1. Patients with first-ever ischemic stroke confirmed by Computed Tomography (CT) and/or Magnetic Resonance Imaging (MRI);
2. Onset time ranged from 15 days to 180 days;
3. Aged 18 to 80 years old, male or female;
4. Dysphagia confirmed by a videofluoroscopic swallowing study (VFSS);
5. Patients who are able to accept and comply with acupuncture, electroacupuncture treatment, gluteal intramuscular injection, and have good compliance;
6. Have provided signed consent and exhibit willingness to participate in the trial.

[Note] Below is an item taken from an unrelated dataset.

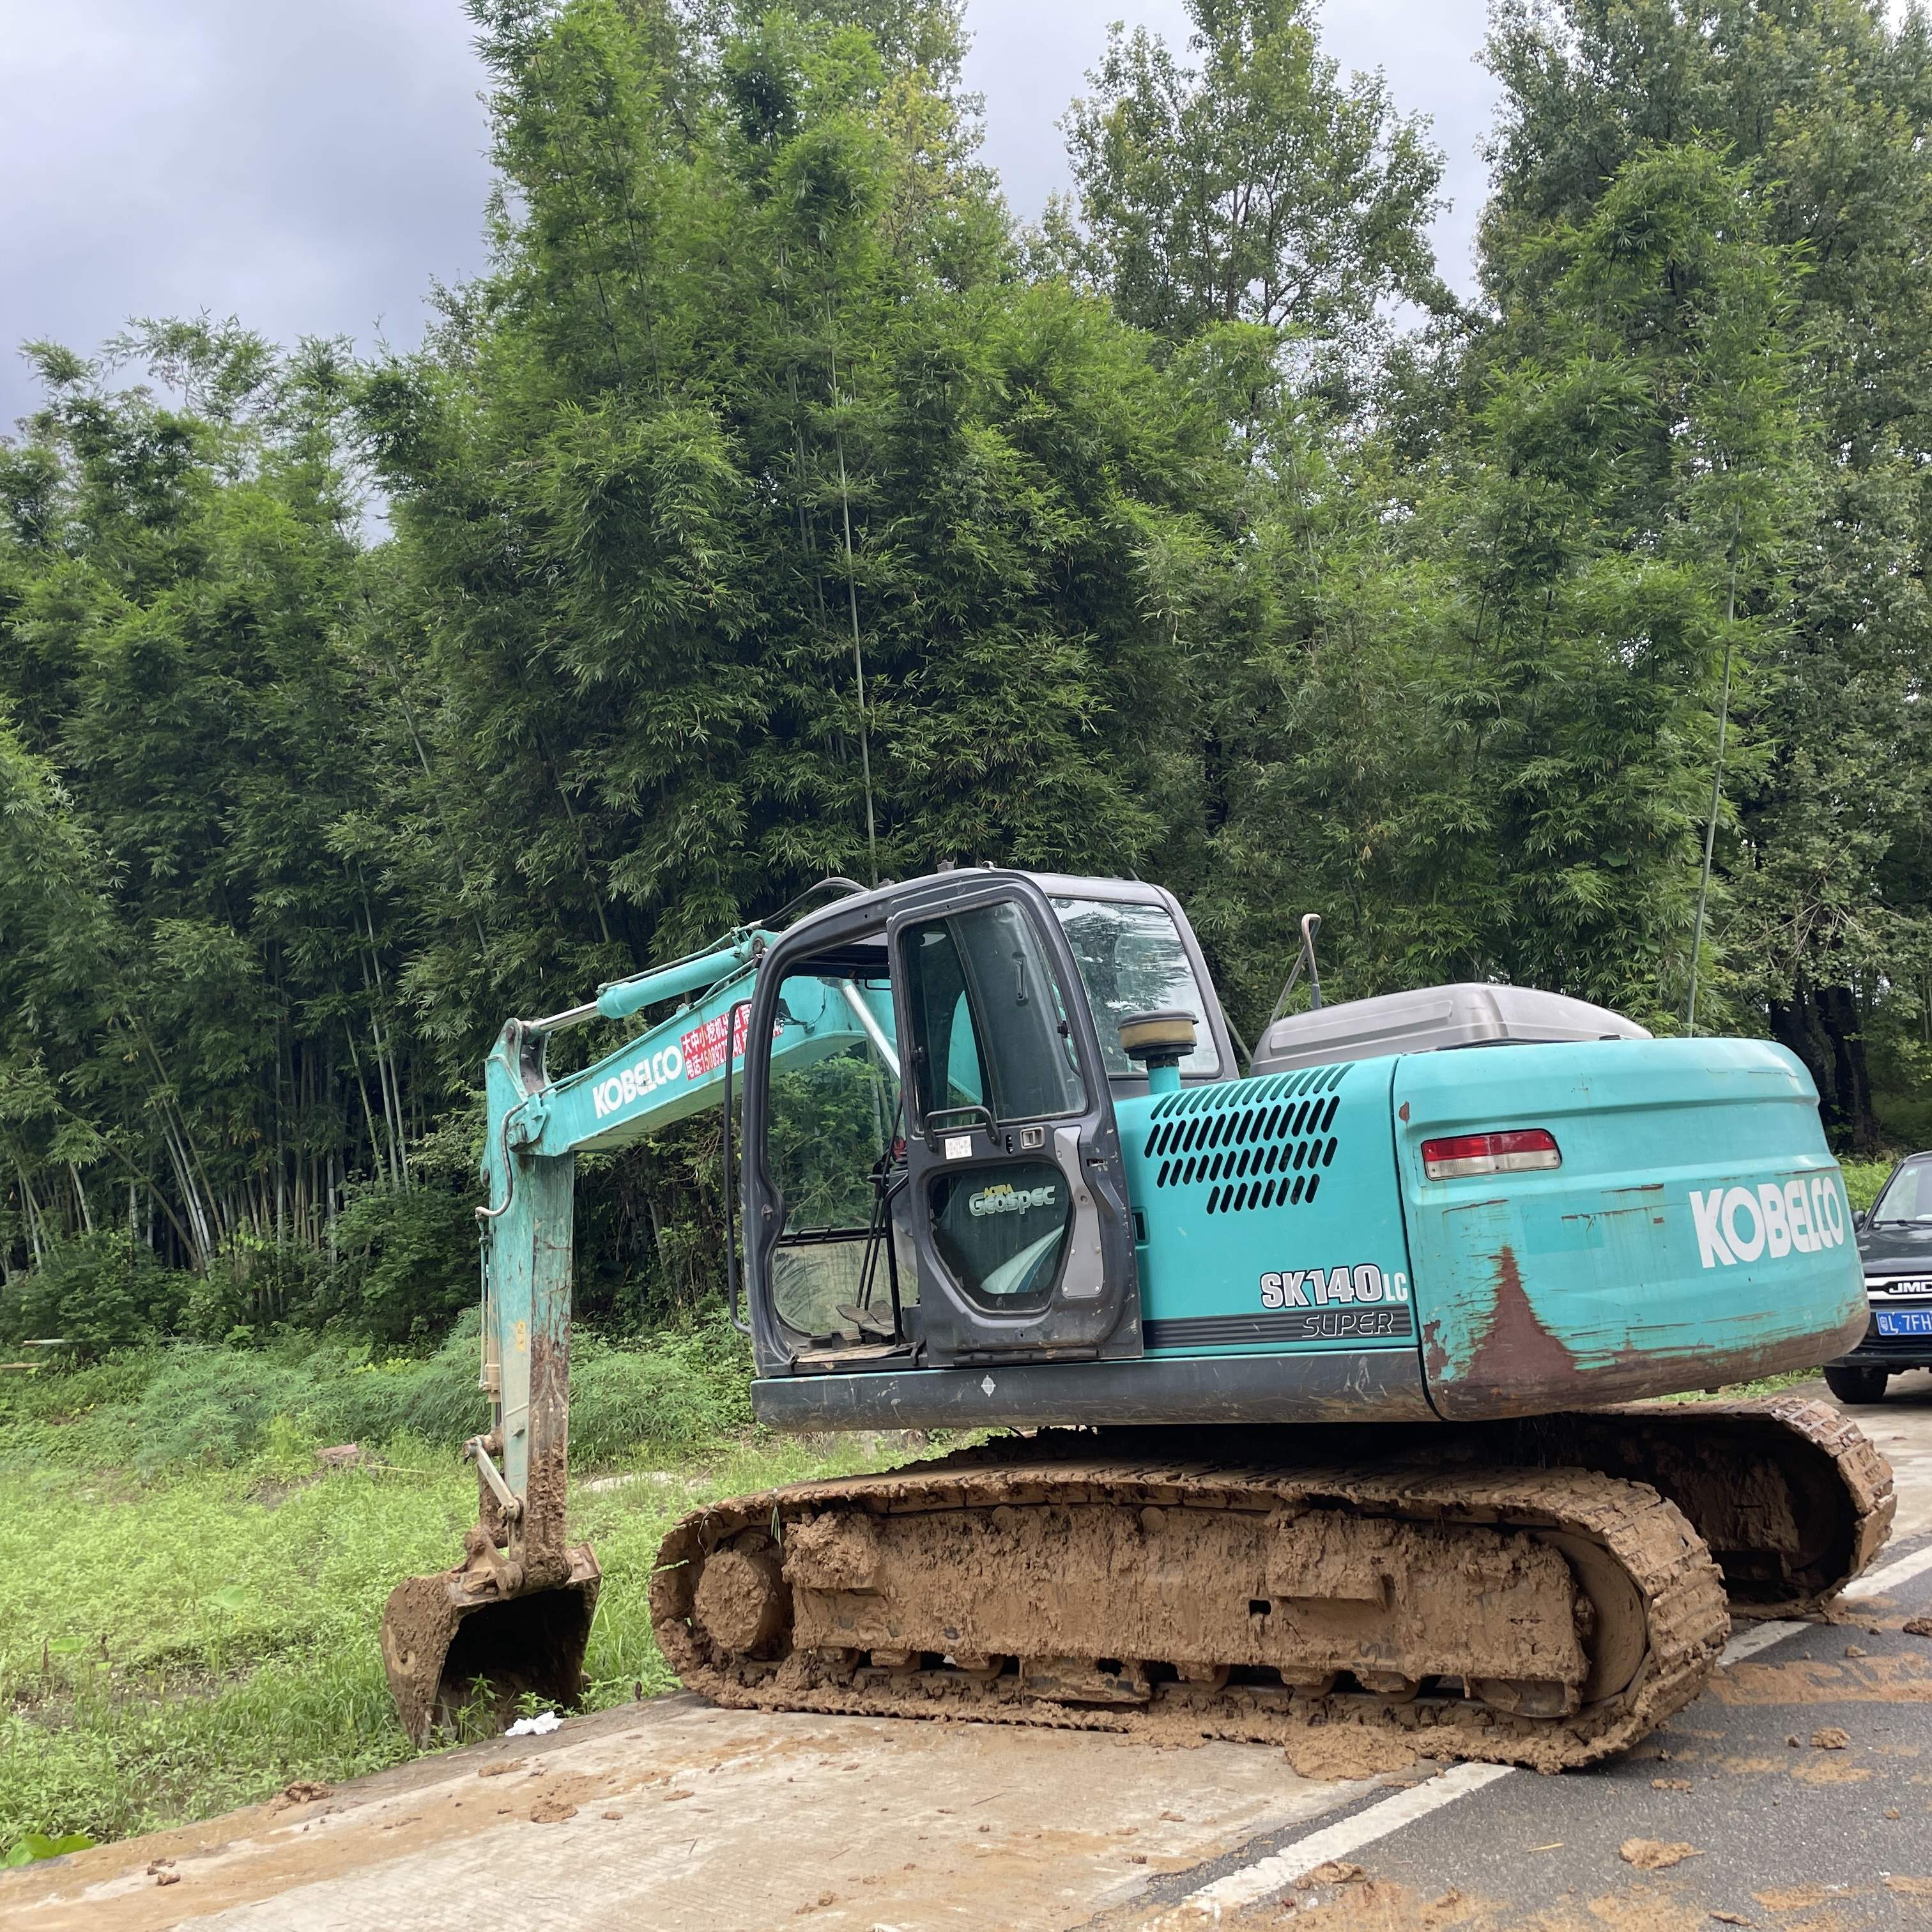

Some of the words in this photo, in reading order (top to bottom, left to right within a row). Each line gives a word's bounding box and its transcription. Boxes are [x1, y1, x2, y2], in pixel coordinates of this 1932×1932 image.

[592, 1045, 683, 1119] KOBELCO
[1689, 1176, 1844, 1269] KOBELCO
[1301, 1311, 1393, 1338] SUPER

7. Women who are lactating, pregnant or intending to get pregnant;

Exclusion Criteria:

1. Patients with dysphagia before ischemic stroke onset or dysphagia not caused by ischemic stroke;
2. Patients with severe cognitive impairment;
3. Patients with severe cardiac, hepatic, and renal dysfunction, as well as severe coagulation abnormalities;
4. Patients with other abnormal test results who are deemed unsuitable to participate in this study by the investigator.
5. Multiple occurrences of stroke, or a history of craniocerebral surgery, or cerebral infarction caused by trauma or brain tumors.
6. Patients with severe neurological deficits prior to ischemic stroke, such as visual and auditory impairments, aphasia, agnosia, severe hemiplegia, and other conditions.
7. Women who are lactating, pregnant or intending to get pregnant;
8. Patients with a history of needle fainting or with skin infections at the acupuncture site.
9. Cardiac pacemaker carrier;
10. Patients allergic to NGF;
11. The inability to undergo VFSS;
12. Patients with a medication history that may alter cortical excitability within the past 2 months.
13. Patients who are currently participating in other clinical trials or have participated in clinical trials that ended within the last 3 months.